» Activity
What you hand back must match the records word for word, with no pictures.

» Working data
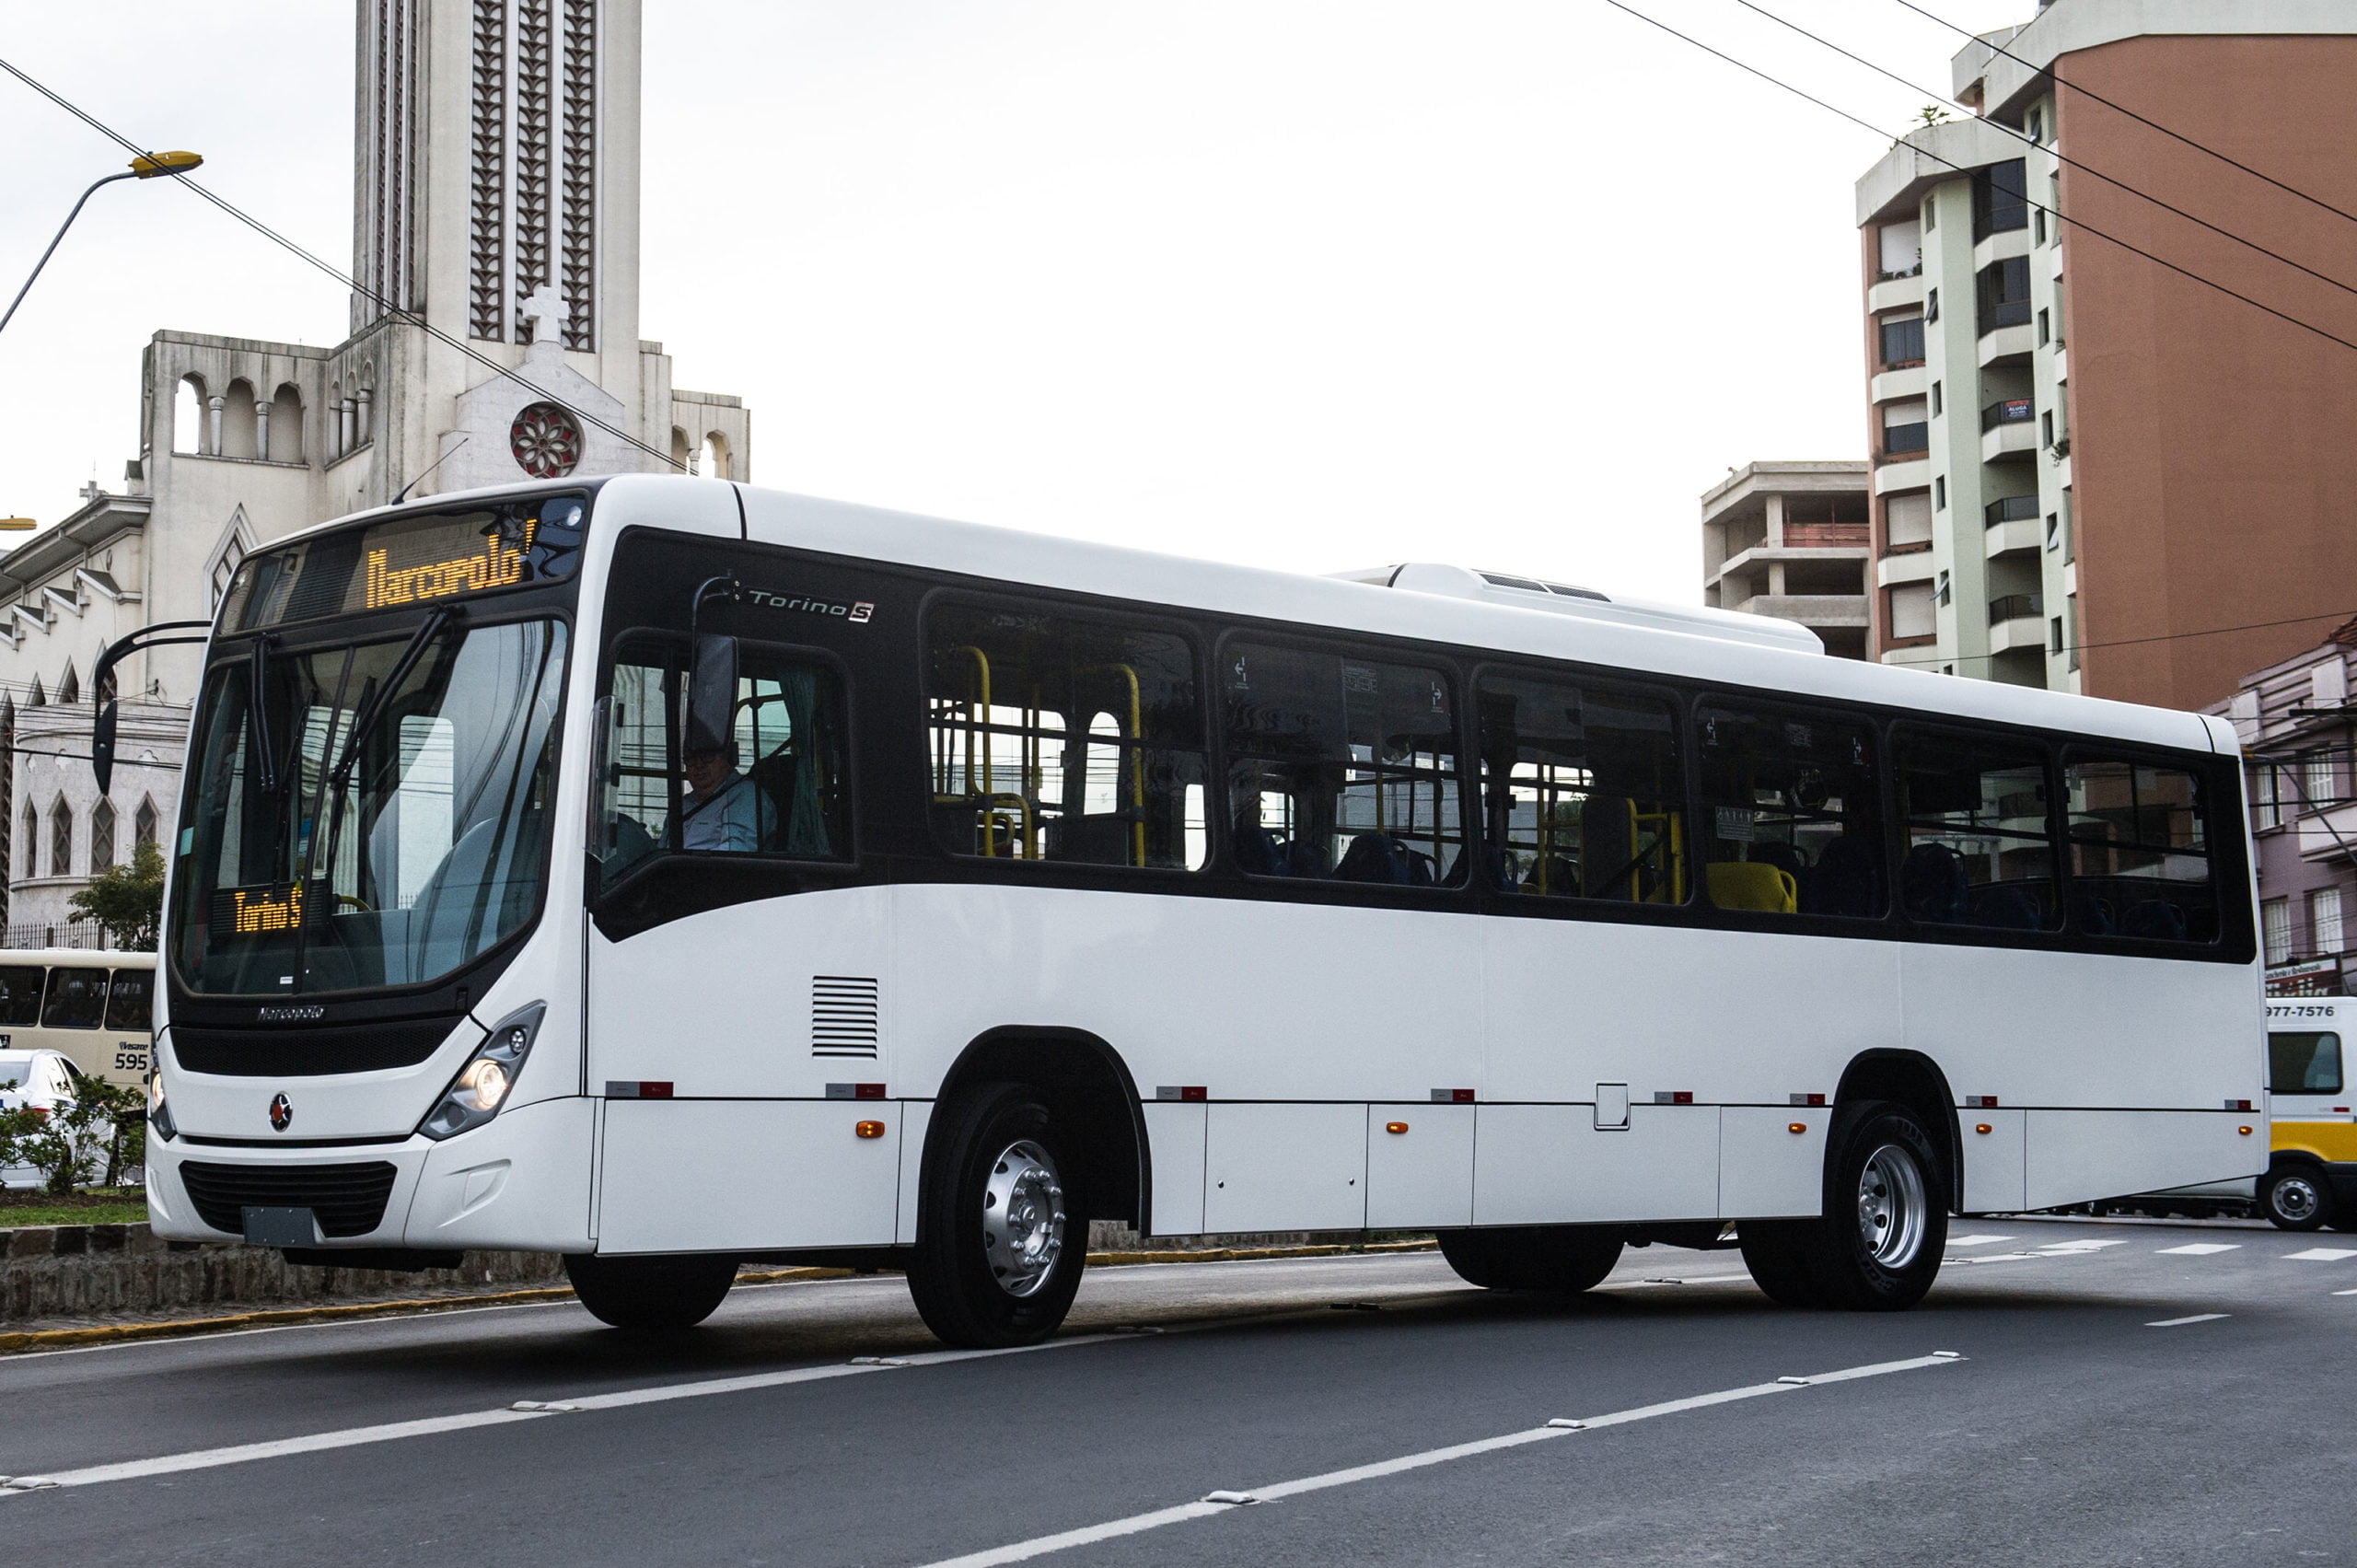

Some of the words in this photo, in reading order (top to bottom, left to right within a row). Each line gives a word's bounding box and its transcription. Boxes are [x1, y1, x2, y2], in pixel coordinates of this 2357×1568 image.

[749, 590, 847, 615] Torino
[234, 891, 287, 933] Torino
[258, 1005, 324, 1021] Marcopolo
[2266, 1006, 2335, 1016] 977-7576
[115, 1053, 148, 1070] 595

» Answer to this problem
Some of the words in this photo, in reading order (top to bottom, left to right within a row). Each line gives a word's bounding box and its transcription. Boxes are [x1, y1, x2, y2], in pixel coordinates of this 2357×1568 image.

[749, 590, 847, 615] Torino
[234, 891, 287, 933] Torino
[258, 1005, 324, 1021] Marcopolo
[2266, 1006, 2335, 1016] 977-7576
[115, 1053, 148, 1070] 595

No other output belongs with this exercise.